Stored data entries:
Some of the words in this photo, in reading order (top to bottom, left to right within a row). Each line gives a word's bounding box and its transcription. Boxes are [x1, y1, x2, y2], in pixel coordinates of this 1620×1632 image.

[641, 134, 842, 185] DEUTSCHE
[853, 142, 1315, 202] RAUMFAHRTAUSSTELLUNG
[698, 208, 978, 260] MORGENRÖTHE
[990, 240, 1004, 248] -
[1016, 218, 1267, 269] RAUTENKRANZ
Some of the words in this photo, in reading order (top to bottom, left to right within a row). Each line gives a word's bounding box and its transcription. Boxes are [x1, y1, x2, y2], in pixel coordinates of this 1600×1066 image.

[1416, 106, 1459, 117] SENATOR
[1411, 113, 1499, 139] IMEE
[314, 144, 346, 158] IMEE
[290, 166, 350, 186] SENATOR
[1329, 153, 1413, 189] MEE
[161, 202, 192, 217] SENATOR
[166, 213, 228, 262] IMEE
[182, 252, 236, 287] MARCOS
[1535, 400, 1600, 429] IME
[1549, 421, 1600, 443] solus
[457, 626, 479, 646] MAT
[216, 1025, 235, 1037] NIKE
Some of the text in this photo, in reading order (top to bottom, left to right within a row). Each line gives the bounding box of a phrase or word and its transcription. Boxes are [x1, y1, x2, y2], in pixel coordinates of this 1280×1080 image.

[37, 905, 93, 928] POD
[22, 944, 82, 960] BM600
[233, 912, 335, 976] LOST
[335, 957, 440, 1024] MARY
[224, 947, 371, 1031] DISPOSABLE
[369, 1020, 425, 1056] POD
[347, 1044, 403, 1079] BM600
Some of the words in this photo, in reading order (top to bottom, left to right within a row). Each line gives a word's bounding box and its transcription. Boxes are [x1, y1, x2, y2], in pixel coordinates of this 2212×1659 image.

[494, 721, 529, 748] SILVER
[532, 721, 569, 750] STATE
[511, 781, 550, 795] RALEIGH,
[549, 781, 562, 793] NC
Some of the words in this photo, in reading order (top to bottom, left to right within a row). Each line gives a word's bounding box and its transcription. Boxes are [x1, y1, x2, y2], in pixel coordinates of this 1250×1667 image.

§ Task requirements:
Which lines run from the one containing "Some of the text" to the end of the entries above? Quote exactly those, and only those.

§ Finished task:
Some of the text in this photo, in reading order (top to bottom, left to right within a row). Each line gives the bounding box of a phrase or word and its transcription. Boxes are [x1, y1, x2, y2], in pixel coordinates of this 1280×1080 image.

[37, 905, 93, 928] POD
[22, 944, 82, 960] BM600
[233, 912, 335, 976] LOST
[335, 957, 440, 1024] MARY
[224, 947, 371, 1031] DISPOSABLE
[369, 1020, 425, 1056] POD
[347, 1044, 403, 1079] BM600
Some of the words in this photo, in reading order (top to bottom, left to right within a row). Each line gives a word's bounding box and its transcription. Boxes are [x1, y1, x2, y2], in pixel coordinates of this 2212×1659 image.

[494, 721, 529, 748] SILVER
[532, 721, 569, 750] STATE
[511, 781, 550, 795] RALEIGH,
[549, 781, 562, 793] NC
Some of the words in this photo, in reading order (top to bottom, left to right within a row). Each line gives a word's bounding box and its transcription. Boxes are [x1, y1, x2, y2], in pixel coordinates of this 1250×1667 image.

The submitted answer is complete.